Armağan son ders başlamadan ekibini toplayıp, "Dersten çıkınca dondurma yemeye gidelim mi?" diye sordu herkese. Teoman ve Ada'nın evde bir takım işleri olduğundan onlara eşlik edemeyeceklerdi. Geriye Selim ve Batuhan ikilisi kalmıştı. Zil çaldığında üçü de aynı anda çıkıp mağazaya yönelmiş, dondurmaları alıp yakınlardaki bir parka doğru ilerlemeye başlamışlardı.

Parkta dolaşırken Armağan her zamanki enerjik ve neşeli haliyle bir şeylerden bahsediyor, konudan konuya atlıyor ve tatlı kahkahalarını etrafa saçıyordu. Genelde bu sohbetlerin merkezinde Batuhan olurken, bu kez kartlar sanki yanlış dağıtılmış gibiydi. Aslına bakılırsa, Armağan her şeyi genel, ortaya anlatıyordu. Fakat, bu kez Batuhan kendini geride tuttuğundan kız sürekli Selim'e bir şeyler anlatıyormuş gibi bir izlenim oluşmuştu.

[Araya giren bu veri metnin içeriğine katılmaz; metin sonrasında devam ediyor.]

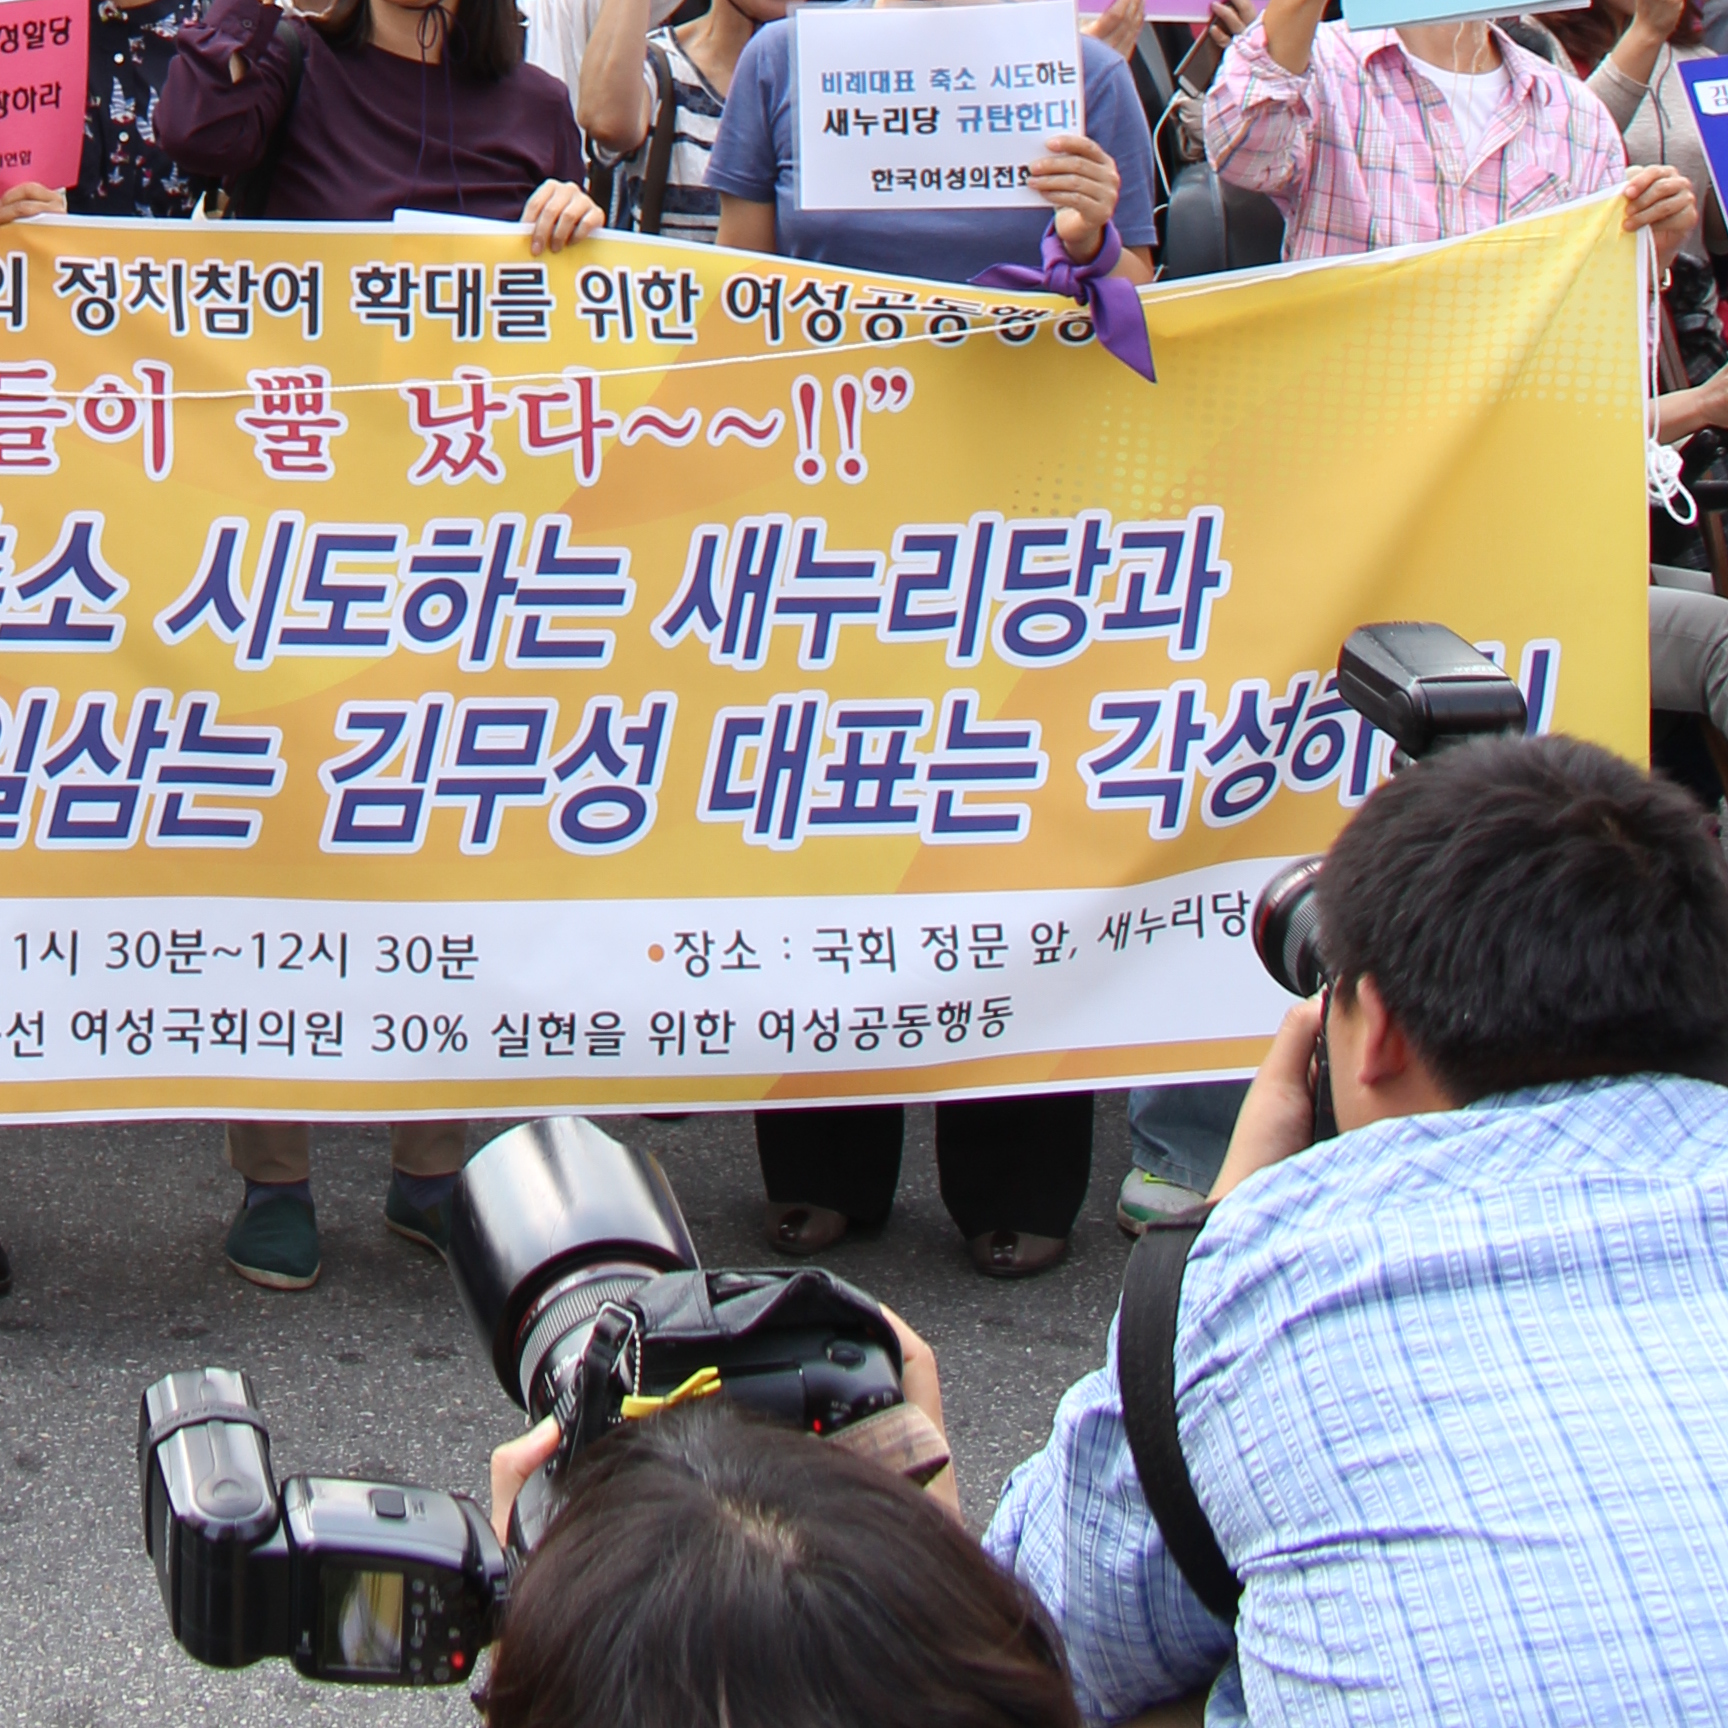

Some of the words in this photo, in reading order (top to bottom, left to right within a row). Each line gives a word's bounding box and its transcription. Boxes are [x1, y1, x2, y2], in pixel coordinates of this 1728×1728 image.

Batuhan giderek bu durumdan sıkılırken bir yandan onları izliyor, aynı zamanda bıkkın bir şekilde iç çekiyordu. Kızın bu kadar samimi ve arkadaş canlı olmasını seviyordu, ama karşısındaki doğru kişi miydi, emin değildi.

Elindeki dondurmayı yiyerek Armağan'ı izlerken dondurmasının yüzünün kenarına bulaştığını farketmiş ve hızla elini ona doğru uzatmıştı. Selim de aynı anda aynı hareketi yapmaya yeltendiğinde Batuhan öne atıldı ve o yetişemeden kızın yüzündeki dondurmayı sildi. Ardından, geçen sefer yaşanan benzeri duruma ithafen Selim'e iddialı bir bakış attı. Selim'in dudakları hafifçe yukarı kıvrılırken başını olumsuzca salladı. Onu gayet net anlamıştı.

Kız tüm bunlara şahit olurken anlamazca kaşlarını çatıp, "Noluyor kardeşim ya," diye sinirle itiraz etti. "Elim kolum var çok şükür, ne bu telaşınız?" dedi ikisine de bakarak. Kızın yüzüne bulaşan dondurmayı silmek için saçma bir rekabete girişmeleri Armağan'ın küçük düşürülmüş hissetmesine yol açmıştı. Resmen iki koca erkek tarafından kendine çocuk muamelesi yapılıyordu. Yediklerini kontrol edemeyen, sürekli ağzı yüzü temizlenmesi gereken bir çocuk gibi...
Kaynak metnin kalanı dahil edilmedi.